BUENOS AIRES, Argentina (AP) — The CEO of Argentina’s state-controlled YPF oil company has mapped out ways to woo foreign investors willing to take expensive bets on the nation’s vast unconventional oil and gas reserves in a plan he’s releasing on Thursday.
The state-run news agency Telam said Miguel Galuccio’s 1,000-page plan also lays out how he intends to squeeze more oil and gas out of aging wells and increase domestic oil and gas production in Argentina’s refineries, recovering the country’s capacity to provide for its own energy needs.
Few governments have intervened so deeply and directly in the energy business as Argentina has since it expropriated Repsol’s controlling stake in YPF on April 16 without paying a single centavo of the $10.5 billion the Spanish company has demanded in compensation.
Galuccio has already made a series of presentations in his first 100 days aimed at attracting foreign investors. In June, he promised to reverse 15 years of declining oil and gas production at YPF and achieve 6 percent annual growth by drilling 1,000 new wells at the cost of $7 billion a year for the next five years.
“I am going to defend your investment. Believe me that we can grow while making money,” he told potential investors last week at a Council of the Americas symposium on Argentina’s economy.
His high-profile meetings with leaders of Brazil’s Petrobras, U.S.-based Chevron Corp. and other leading oil companies have led to general promises of cooperation and praise for Argentina’s potential, but to date, none have committed to investing the many billions of dollars necessary to develop the world’s third-largest shale reserves, behind the U.S. and China.
Galuccio’s main challenge is that investors outside Argentina don’t trust the government to keep its promises, says energy analyst Jean-Baptiste Bruny with BBVA Bancomer in Mexico.
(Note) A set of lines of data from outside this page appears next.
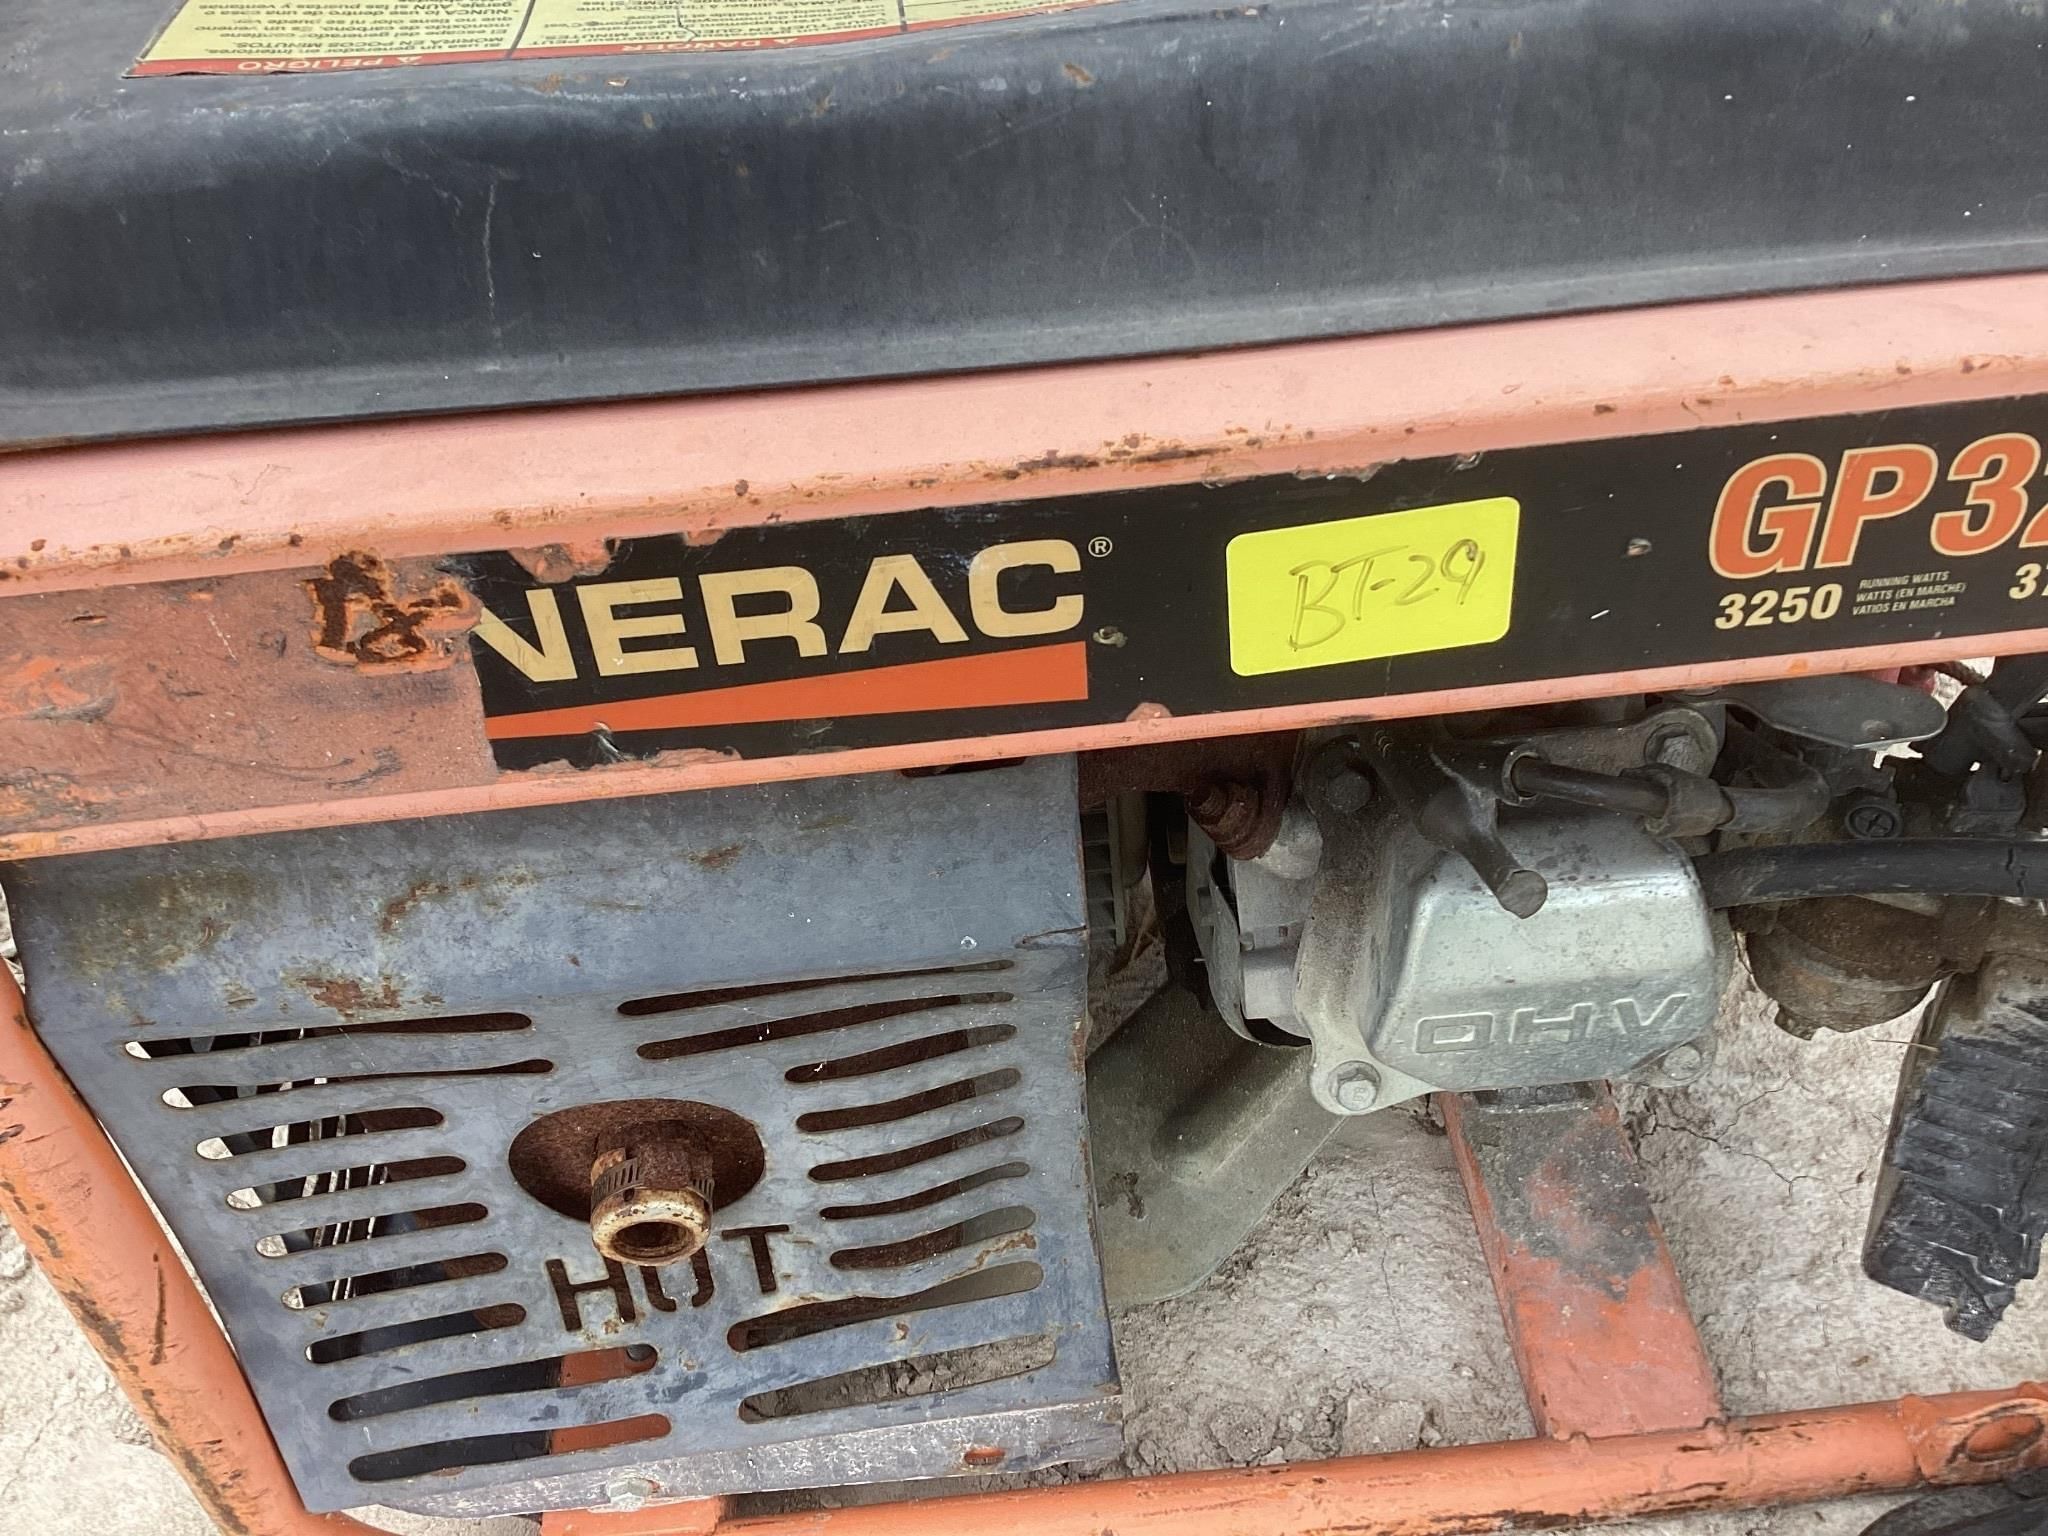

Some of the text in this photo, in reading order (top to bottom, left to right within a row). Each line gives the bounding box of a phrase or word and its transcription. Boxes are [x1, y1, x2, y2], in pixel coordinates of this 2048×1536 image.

[622, 40, 760, 51] DANGER
[238, 58, 383, 70] PELIGRO
[1859, 571, 1950, 589] RUNNING WATTS
[2009, 563, 2048, 599] 3
[1288, 538, 1485, 651] BT-29
[1856, 582, 1967, 602] WATTS (EN MARCHE)
[1714, 583, 1843, 630] 3250
[1852, 596, 1955, 615] VATIOS EN MARCHA
[1413, 993, 1691, 1054] OHV
“What’s happening with the controls of the government, not only in oil but in mining as well, doesn’t provide much confidence. Now people have more fear about investing long term, which is what they need to achieve this potential. The investor needs to be 100 percent sure that they can make a profit before putting down the money,” Bruny said Wednesday.
Galuccio, 44, is an Argentine engineer who got his start at YPF but quit after Grupo Repsol bought it in the 1990s. Before he was picked by President Cristina Fernandez to lead YPF, he rose through the ranks of Houston, Texas-based oil services giant Schlumberger Ltd. to become president of its production division, which works with many of the world’s state-run oil companies.
Fernandez also named Axel Kicillof, her 41-year-old economic guru who pushed for the takeover, to the company’s board. Kiciloff then unveiled an elaborate system of price controls over nearly every aspect of the domestic energy industry, aimed at determining what companies operating in Argentina can “reasonably” make in profits.
YPF laid out its challenges in black and white in a 400-page legal filing to the U.S. Securities and Exchange Commission in April. It ended 2011 nearly $1.8 billion short of “working cash,” and most of its $12 billion in debt is due in less than a year. Much of this debt, the company said, has “acceleration clauses” that can require immediate repayment if control of the company changes. Disputes over much of that money, such as the $10.5 billion Repsol is demanding for its controlling shares, may end up in international courts.
Still squeezed for cash, YPF plans to issue billions of dollars worth of peso bonds to be sold within Argentina, and the government has delayed the company’s tax debts and other commitments to entities within the country. Galuccio put the best face he could on the challenges last week in a pair of public presentations in Buenos Aires, vowing to make Argentina an energy exporter again.
“I think the potential does exist in Argentina and is really big,” Bruny said. “Now they need to find long-term partners by offering guarantees of profit. Until now there have been only rumors that foreign oil companies are interested, businesses from the BRIC (Brazil, Russia, India and China). But until now we haven’t had anything concrete.”